Shear is when you put a load on something, and how much weight it takes for a rod to bend or break when you put weight on a rod supported on both ends.
Compressive is how much it resists going "squish" under a lot of weight when you load things on top of it when it is supported underneath (or when you crush it between two things)
Tensile strength is how much something will "spring" back into shape after being bent. The difference between tensile strength and shear yield strength is in whether the object "elastically" deforms (goes back to its original shape) or "plastically" deforms (stays bent).
Torsion is if you twist something instead of just bend it.
The difference between yield and fracture is that fracture is the point where the thing just plain fails and snaps or is crushed, while yield is where it is merely deformed. However, as something deforms, the resistance it has to further deformation becomes weaker, and it gets closer to simply breaking entirely.
Molar mass is basically related to density on the molecular level. It is the mass per mole (a specific number of molecules), and so it's a function of the atomic weights of the constituent atoms of the molecules of a material. It's something that all these shear strengths and densities and such derive from in real life, but it's a distant thing in architecture - we only need the derived numbers.
Basically, I think all we really need is shear fracture, with maybe some compressive fracture, but in a way that doesn't become too imposing on the player.
Shear fracture would be checked on how the "ledge" that juts out is supported (or not) when it reaches over.
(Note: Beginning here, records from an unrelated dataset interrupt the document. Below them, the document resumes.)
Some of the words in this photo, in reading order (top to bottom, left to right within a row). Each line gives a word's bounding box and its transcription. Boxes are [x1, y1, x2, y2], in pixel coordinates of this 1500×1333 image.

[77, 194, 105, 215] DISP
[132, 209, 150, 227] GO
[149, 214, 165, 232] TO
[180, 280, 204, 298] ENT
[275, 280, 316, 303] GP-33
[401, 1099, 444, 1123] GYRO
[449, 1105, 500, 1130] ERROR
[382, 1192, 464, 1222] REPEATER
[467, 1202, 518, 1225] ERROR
Making an arch, where you have a thicker wall that supports less weight the further away from the load-bearing wall you go, would be a good way to support weights over large distances without supports.
The "chandelier" idea would be handled by this - you just add its weight onto the supporting ceilings for tests of shear forces on how well the ceilings hold up.
Doing this, we wouldn't be testing if the load-bearing walls are going to be crushed at all, just testing if the "ceilings" or "floors" have the structural integrity to not fail as they are extended over unsupported space.
If you absolutely must do load-bearing walls where those walls can crumble under the shear weight of the walls they are supporting above them, then it's a matter of dividing out that mass from above across all supporting tiles below. That's where you get the "cascade" calculations, where stress flows downwards from the top, with each tile adding its own mass onto the stress that flows downward, but where it gets divided out across other stones if there are multiple tiles of support.
Presumably, tiles that have other stone walls beside it should never fail, no matter how much pressure they are under. They might be under enough pressure to deform, but if there's no place to deform to, they just get compressed. This is pretty much the point where you put enough pressure on something to turn sand into sandstone or coal into diamonds or something, but we don't really need to model that.